It’s amazing, all the things in the universe that all go wrong, all go wrong at the same time… think about it… if you don’t get it, doesn’t matter to you anyway.

- from a ap article -

Researchers studying the flow of oil from the blown-out well at the bottom of the Gulf of Mexico said Thursday that up to twice the amount of oil previously thought may have been spewing into the sea since an oil rig exploded nearly two months ago.

The new figures could mean anywhere from 42 million to more than 100 million gallons of oil have already fouled the fragile waters, affecting people who live, work and play along the coast from Louisiana to Florida — and perhaps beyond.

It is the third — and perhaps not last — time the federal government has had to increase its estimate of how much oil is gushing. Trying to clarify what has been a contentious and confusing issue, federal officials on Thursday gave a wide variety of estimates.

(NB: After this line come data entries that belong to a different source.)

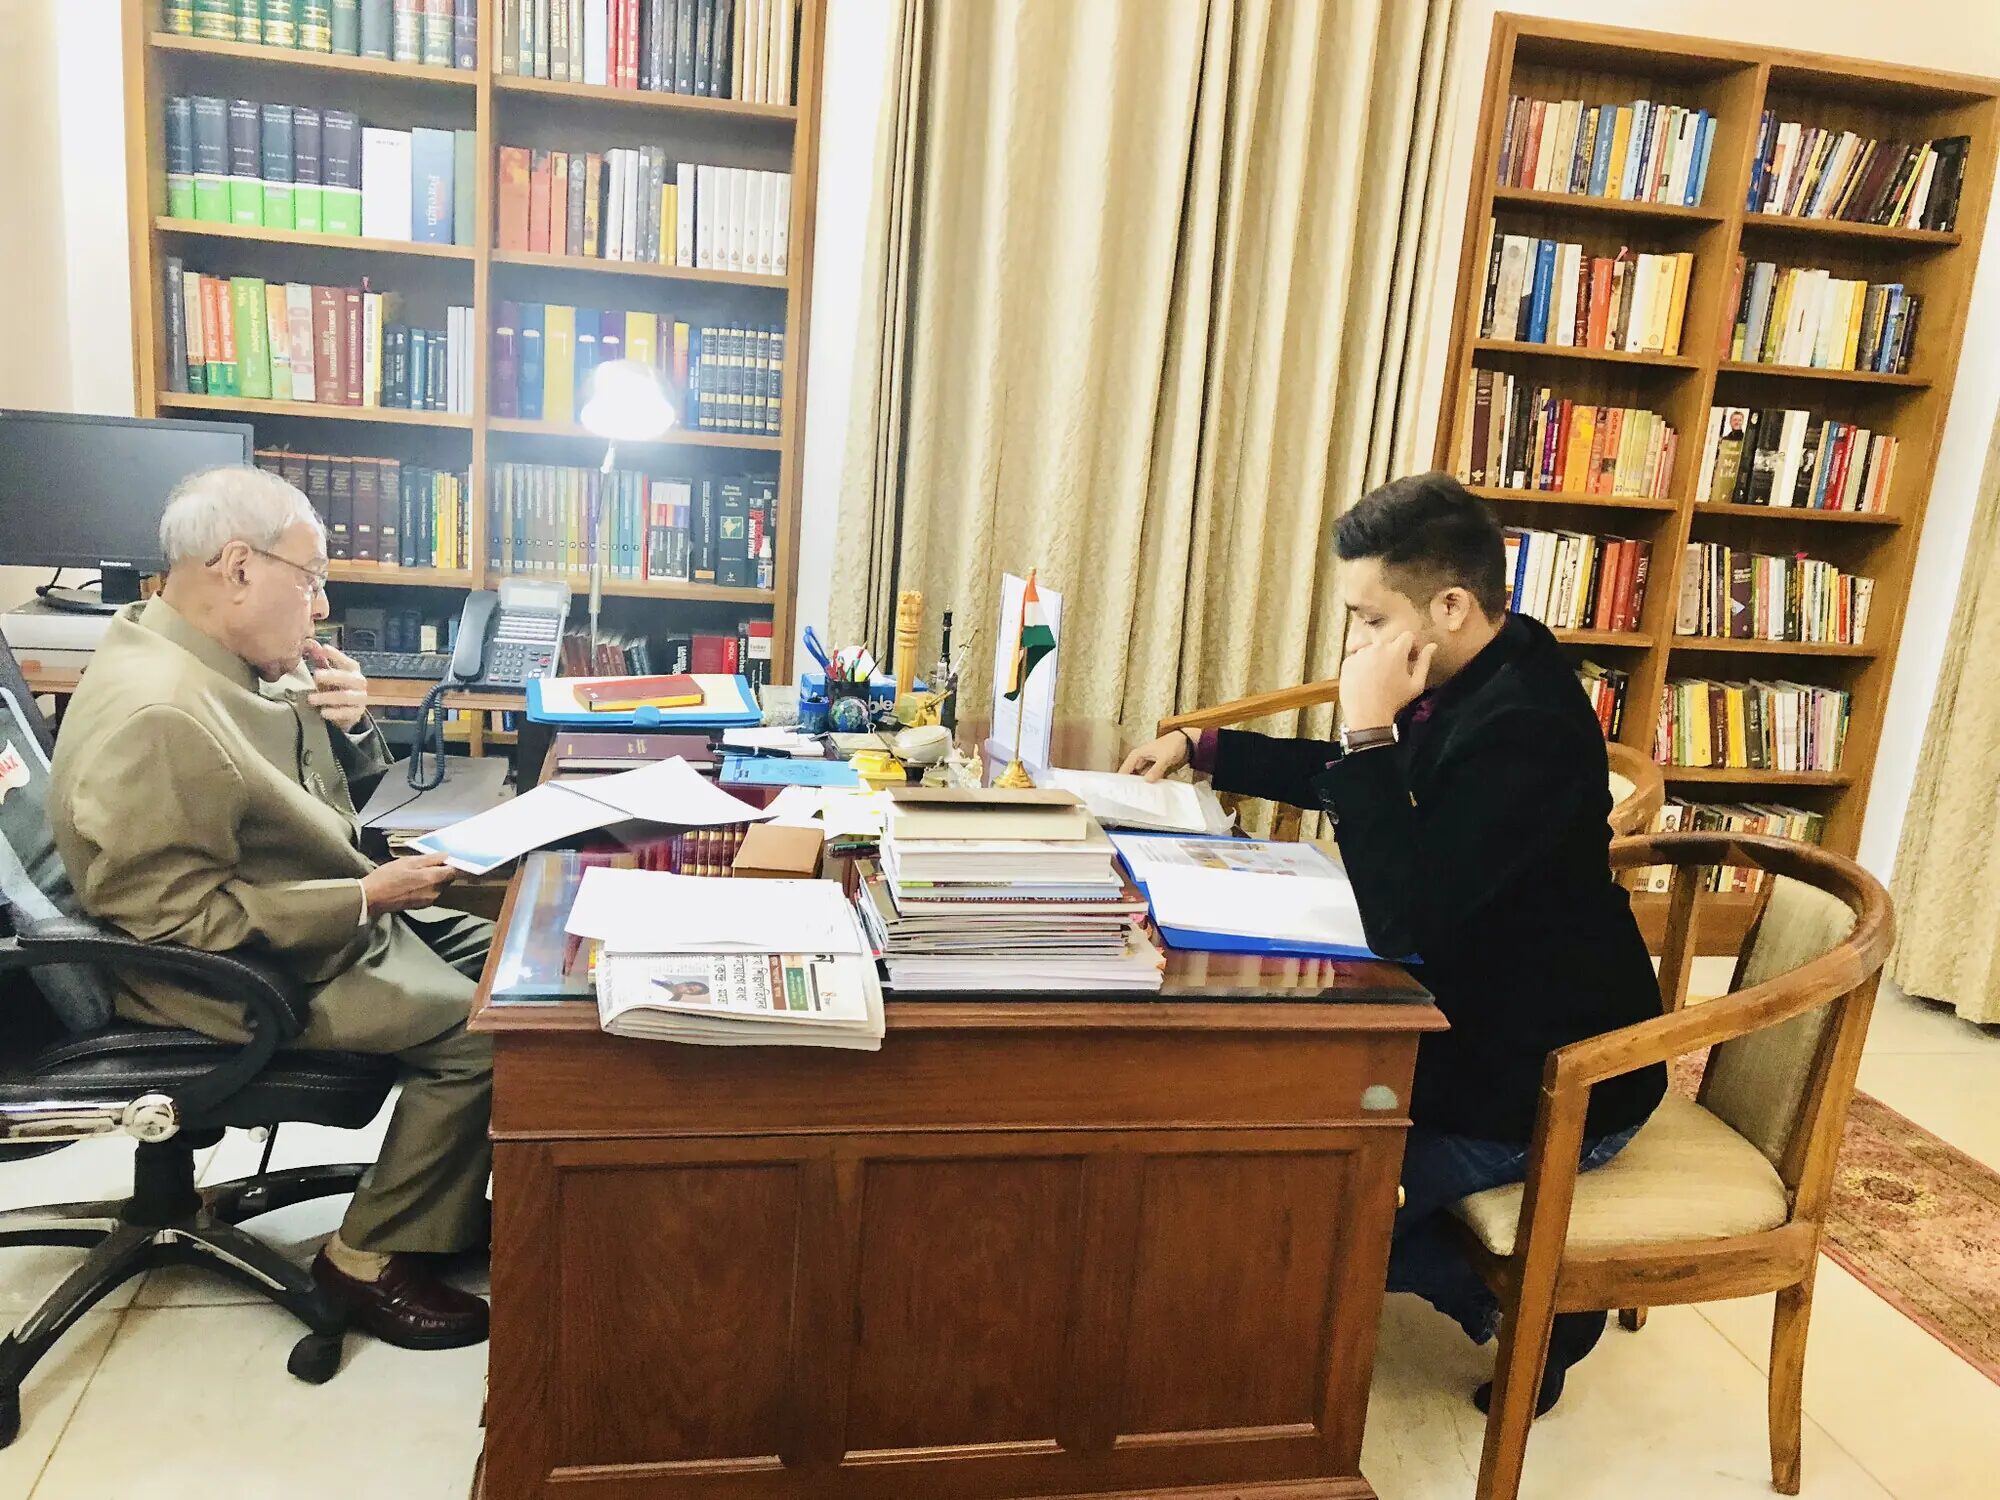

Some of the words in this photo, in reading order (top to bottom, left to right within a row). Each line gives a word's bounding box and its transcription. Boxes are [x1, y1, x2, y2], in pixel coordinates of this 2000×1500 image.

[1610, 411, 1618, 435] GORA
[1720, 469, 1735, 478] Life
[1724, 459, 1736, 471] My
[747, 518, 755, 559] REVOLUTION
[1636, 556, 1648, 584] INDIA
[738, 638, 746, 673] speeches

All of the new spill rate estimates are worse than earlier ones — and far more costly for BP, which has seen its stock sink since the April 20 explosion that killed 11 workers and triggered the spill.

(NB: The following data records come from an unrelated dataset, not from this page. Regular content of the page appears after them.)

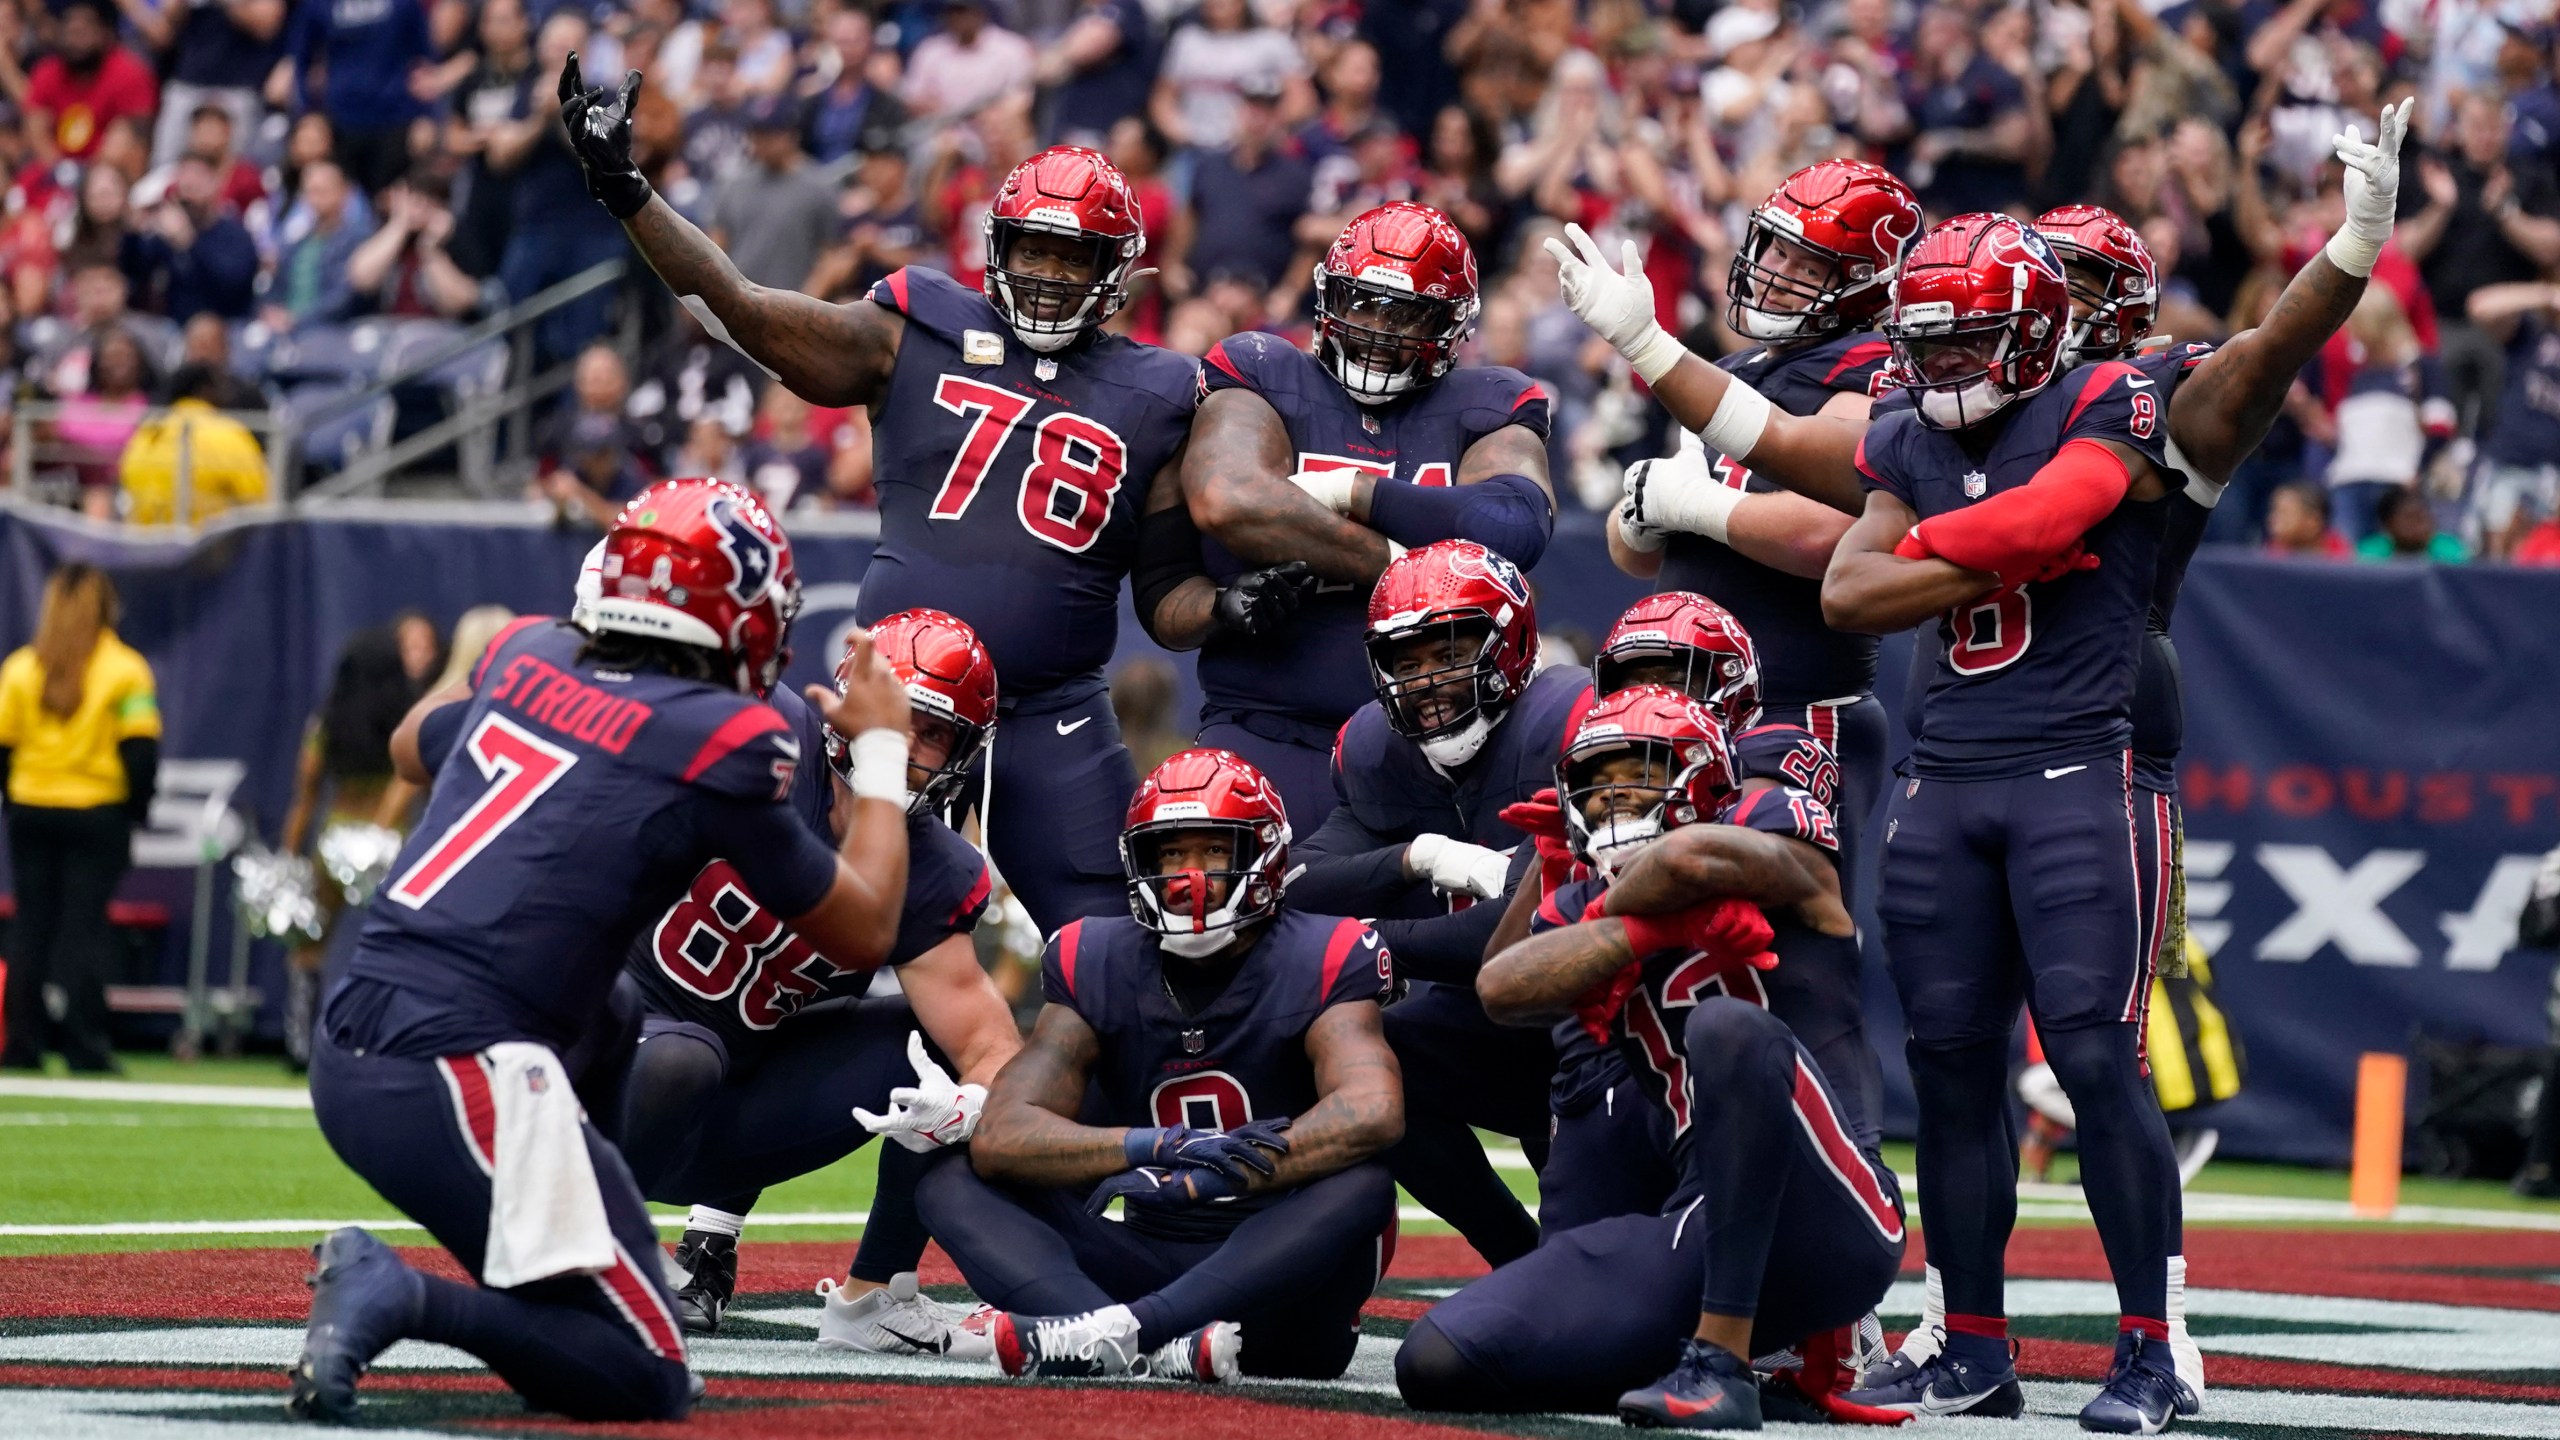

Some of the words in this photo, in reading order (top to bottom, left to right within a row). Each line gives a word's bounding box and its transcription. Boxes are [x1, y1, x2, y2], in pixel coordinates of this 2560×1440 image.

[1036, 211, 1071, 222] TEXANS
[1371, 269, 1405, 281] TEXANS
[1014, 381, 1072, 408] TEXANS
[2129, 391, 2157, 440] 8
[928, 373, 1128, 554] 78
[491, 652, 654, 755] STROUD
[913, 688, 948, 704] TEXANS
[769, 757, 798, 801] 7
[1779, 739, 1839, 807] 26
[2181, 762, 2559, 826] HOUST
[387, 710, 580, 912] 7
[1787, 797, 1839, 851] 12
[1377, 946, 1393, 994] 9

Most of Thursday’s estimates had more oil flowing in an hour than what officials once said was spilling in an entire day.

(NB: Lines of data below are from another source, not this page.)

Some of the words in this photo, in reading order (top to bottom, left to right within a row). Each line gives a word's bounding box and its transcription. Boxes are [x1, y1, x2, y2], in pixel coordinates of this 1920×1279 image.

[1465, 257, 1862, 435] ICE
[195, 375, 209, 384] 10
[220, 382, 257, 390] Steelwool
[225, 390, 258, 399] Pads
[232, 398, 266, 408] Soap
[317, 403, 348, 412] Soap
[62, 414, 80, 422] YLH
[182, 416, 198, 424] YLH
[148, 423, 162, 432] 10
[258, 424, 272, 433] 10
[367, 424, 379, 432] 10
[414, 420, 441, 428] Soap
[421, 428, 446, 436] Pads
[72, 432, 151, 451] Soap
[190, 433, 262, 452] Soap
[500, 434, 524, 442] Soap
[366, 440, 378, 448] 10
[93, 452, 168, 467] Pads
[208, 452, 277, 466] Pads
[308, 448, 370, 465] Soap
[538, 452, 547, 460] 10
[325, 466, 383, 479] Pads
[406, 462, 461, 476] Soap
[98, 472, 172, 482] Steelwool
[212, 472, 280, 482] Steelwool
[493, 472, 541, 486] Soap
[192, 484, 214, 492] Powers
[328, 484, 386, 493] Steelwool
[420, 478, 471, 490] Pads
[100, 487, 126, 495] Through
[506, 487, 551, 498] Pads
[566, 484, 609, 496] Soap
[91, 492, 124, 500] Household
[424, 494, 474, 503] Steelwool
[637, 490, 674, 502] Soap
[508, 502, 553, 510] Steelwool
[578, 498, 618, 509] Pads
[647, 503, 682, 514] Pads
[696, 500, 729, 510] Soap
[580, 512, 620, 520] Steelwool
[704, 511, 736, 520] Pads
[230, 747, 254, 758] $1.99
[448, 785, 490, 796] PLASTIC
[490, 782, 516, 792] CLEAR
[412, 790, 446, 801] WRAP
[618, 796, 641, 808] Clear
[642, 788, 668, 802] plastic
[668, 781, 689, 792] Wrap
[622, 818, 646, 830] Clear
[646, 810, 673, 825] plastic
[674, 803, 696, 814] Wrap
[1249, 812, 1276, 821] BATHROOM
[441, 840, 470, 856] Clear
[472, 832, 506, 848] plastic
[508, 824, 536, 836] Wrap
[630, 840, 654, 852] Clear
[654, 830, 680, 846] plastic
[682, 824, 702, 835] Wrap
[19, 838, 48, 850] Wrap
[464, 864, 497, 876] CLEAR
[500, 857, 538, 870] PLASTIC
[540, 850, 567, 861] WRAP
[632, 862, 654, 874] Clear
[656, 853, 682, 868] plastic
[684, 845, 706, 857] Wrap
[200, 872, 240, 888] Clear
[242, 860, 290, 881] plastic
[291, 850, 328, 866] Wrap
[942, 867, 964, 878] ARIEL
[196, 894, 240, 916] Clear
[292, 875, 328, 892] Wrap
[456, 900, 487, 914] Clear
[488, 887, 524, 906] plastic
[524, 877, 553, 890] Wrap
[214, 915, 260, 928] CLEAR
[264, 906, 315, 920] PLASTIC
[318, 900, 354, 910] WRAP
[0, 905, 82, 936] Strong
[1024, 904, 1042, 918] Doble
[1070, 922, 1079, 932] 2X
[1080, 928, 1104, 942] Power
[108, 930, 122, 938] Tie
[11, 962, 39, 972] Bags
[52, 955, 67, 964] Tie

The spill — before June 3 when a riser was cut and then a cap put on it — was flowing at daily rate that could possibly have been as high as 2.1 million gallons, twice the highest number the federal government had been saying, according to U.S. Geological Survey Director Marcia McNutt, who is coordinating estimates. But she said possibly more credible numbers are a bit lower.

The estimates are not near complete yet and different scientific teams have come up with different numbers. A new team from the Woods Hole Oceanographic Institute came in with higher estimates than all the others using multibeam sonar.

The Woods Hole estimate ranged from 1 million gallons a day to 2.1 million gallons. And if the high end of the Woods Hole estimate is true, that means nearly 107 million gallons have spilled since the rig explosion.

Even using other numbers that federal officials and scientists call a more reasonable range would have about 63 million gallons spilling since April 20.

If those 63 million gallons of oil were put in gallon milk jugs, they would line up side by side for nearly 5,500 miles. That’s the distance from the spill to London, where BP is headquartered, and then continuing on to Rome.

By comparison, Exxon Valdez, the previous worst U.S. oil spill, was just about 11 million gallons. The worst peacetime oil spill, 1979′s Ixtoc 1 in Mexico, was about 140 million gallons over 10 months. The new figures mean Deepwater Horizon is producing an Exxon Valdez size spill every five to 13 days.

With all sorts of estimates for what’s flowing from the BP well, some even smaller than the amount collected by BP in its containment cap, McNutt in a telephone press conference said the most credible range at the moment is between 840,000 gallons and 1.68 million gallons a day. Then she added that it was “maybe a little bit more.”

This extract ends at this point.